Without changing a character, return the entries, but not the images they hold.

Collected data:
Start of Block

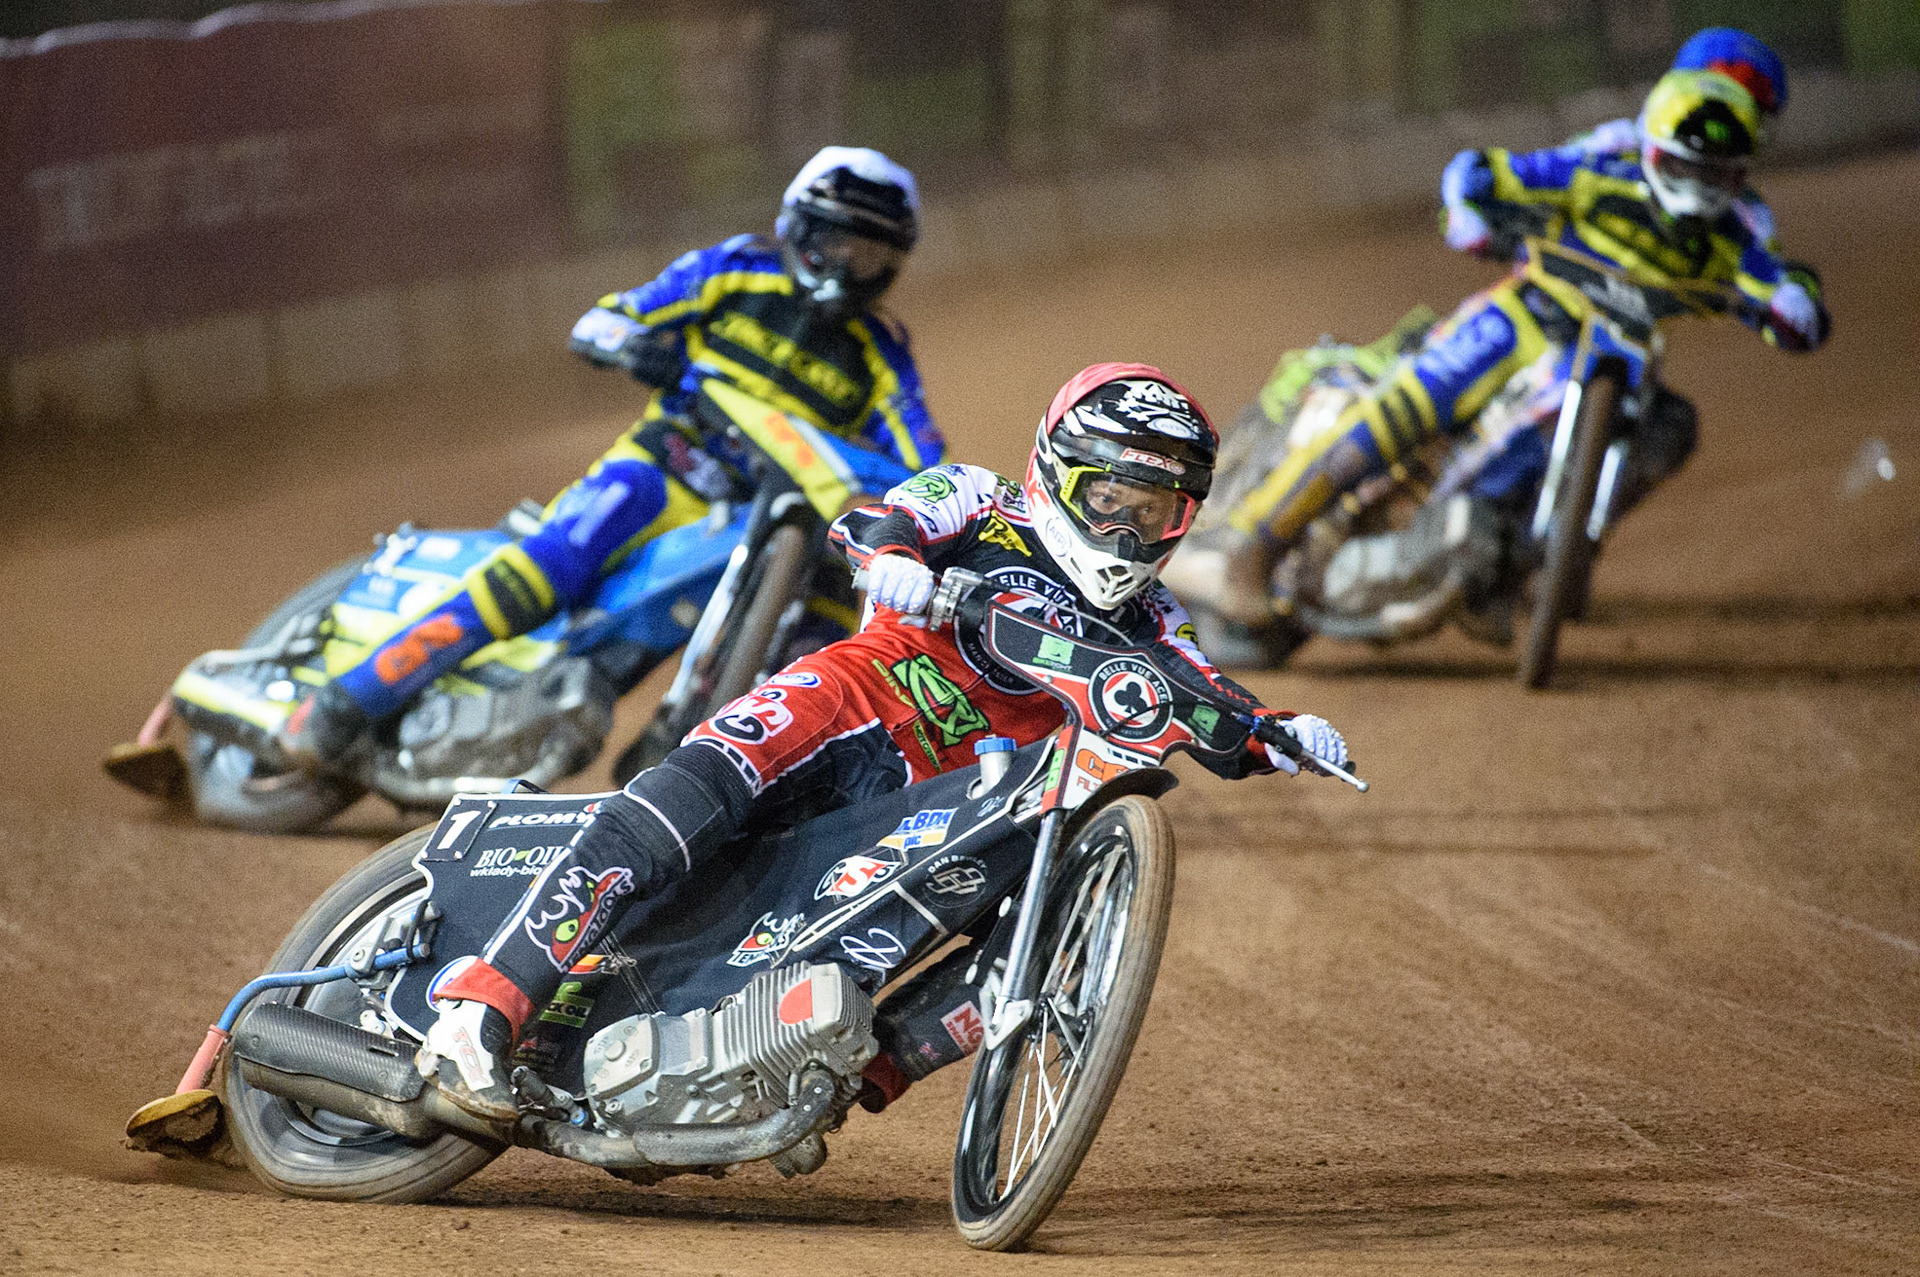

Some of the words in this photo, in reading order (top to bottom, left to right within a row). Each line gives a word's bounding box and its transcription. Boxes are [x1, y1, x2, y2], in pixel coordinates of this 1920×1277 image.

[999, 574, 1037, 591] ELLE
[1098, 662, 1128, 681] BELLE
[1131, 663, 1153, 680] VUE
[1152, 680, 1168, 704] ACE
[437, 810, 482, 851] 1
[474, 846, 517, 868] BIO
[927, 856, 950, 874] DAN
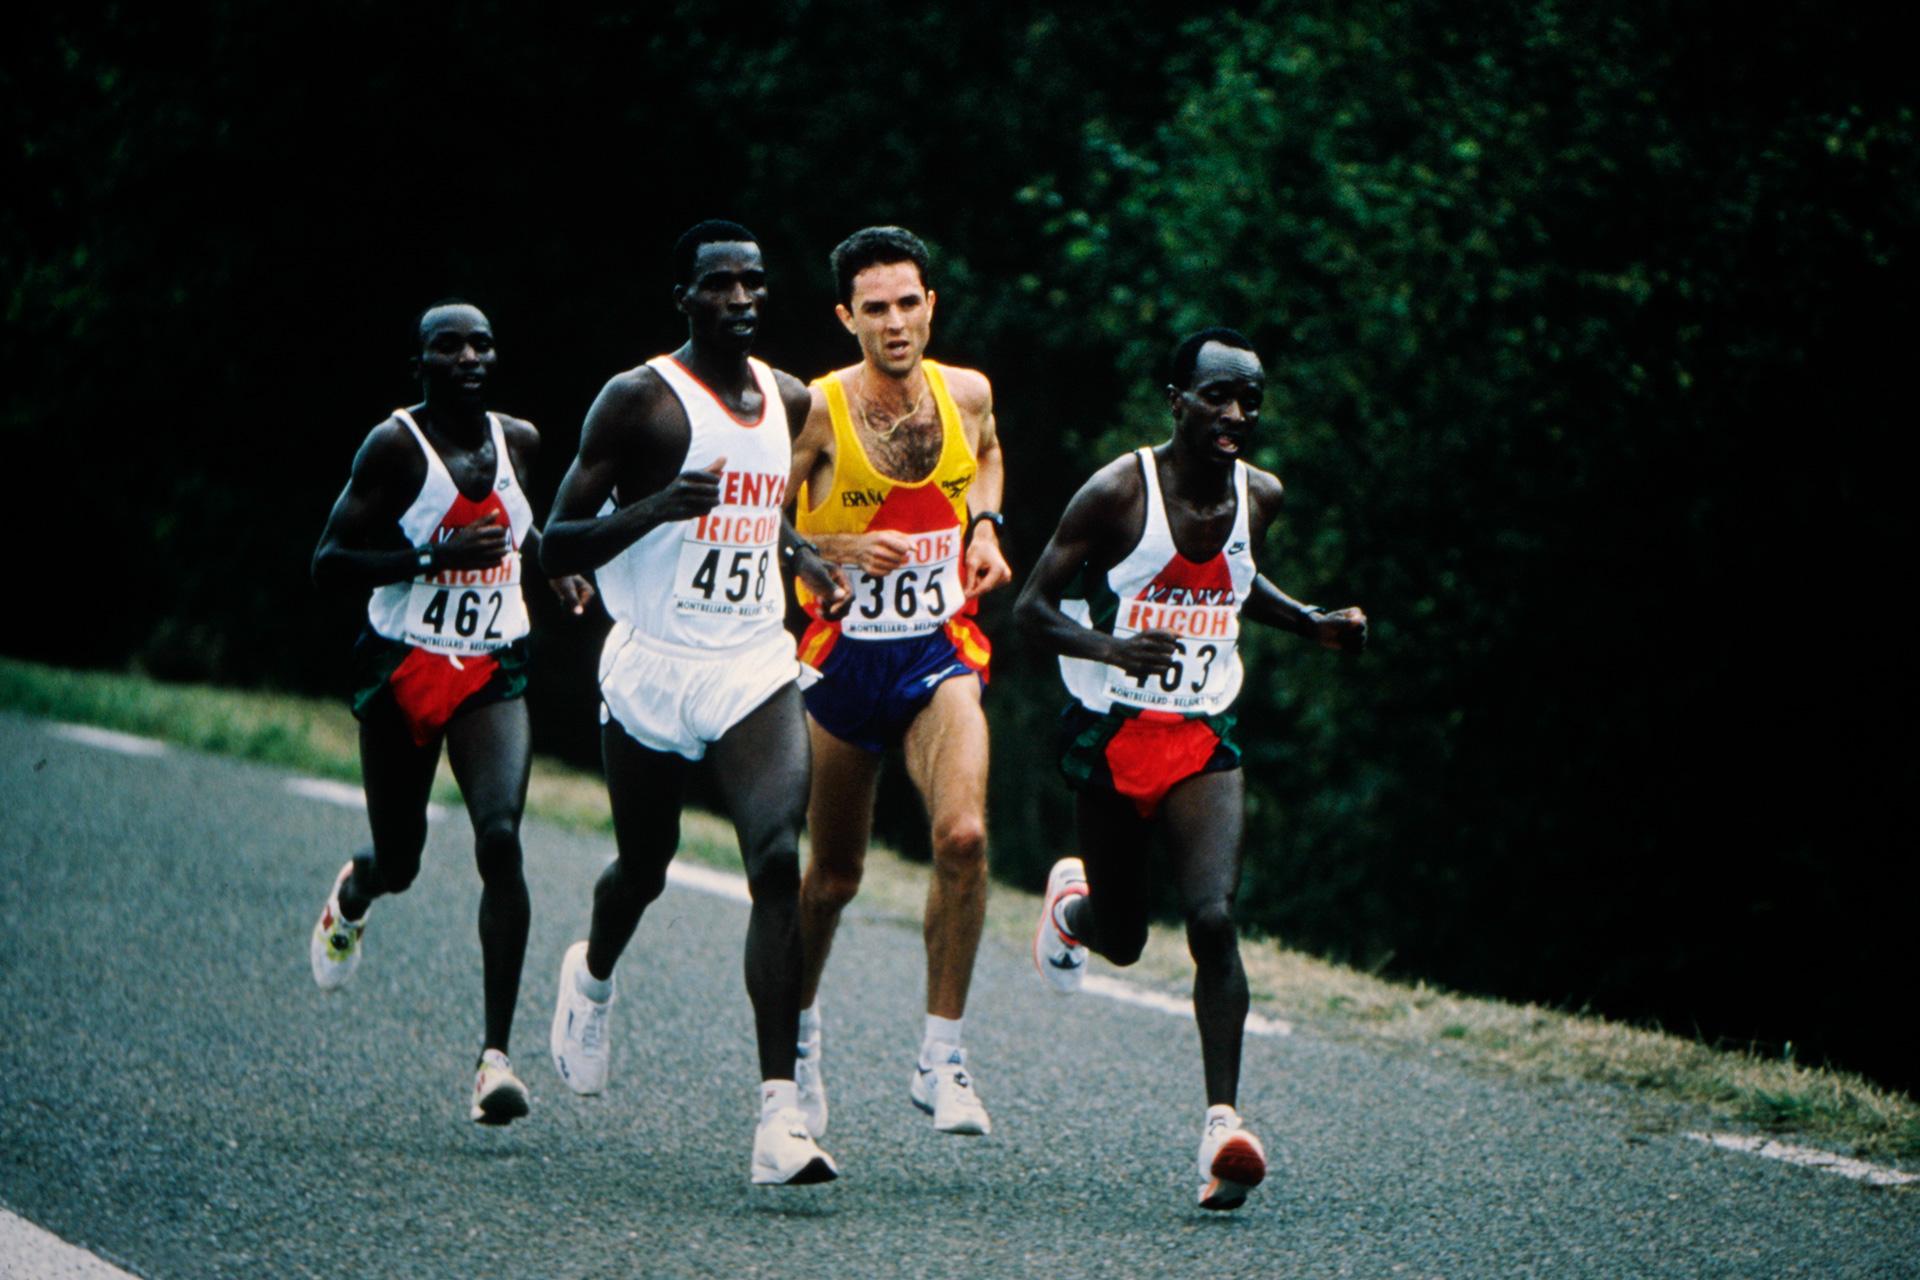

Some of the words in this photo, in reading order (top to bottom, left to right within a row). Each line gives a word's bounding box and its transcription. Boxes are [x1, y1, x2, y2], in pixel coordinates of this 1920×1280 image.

End of Block

→ **RESPONSE AREA**
Some of the words in this photo, in reading order (top to bottom, left to right within a row). Each line gives a word's bounding box and its transcription. Boxes are [x1, y1, x2, y2], in pixel coordinates of this 1920×1277 image.

[999, 574, 1037, 591] ELLE
[1098, 662, 1128, 681] BELLE
[1131, 663, 1153, 680] VUE
[1152, 680, 1168, 704] ACE
[437, 810, 482, 851] 1
[474, 846, 517, 868] BIO
[927, 856, 950, 874] DAN

Some of the words in this photo, in reading order (top to bottom, left to right within a row). Each line gives a word's bounding box and its transcription. Boxes are [x1, y1, x2, y2], in pixel coordinates of this 1920×1280 image.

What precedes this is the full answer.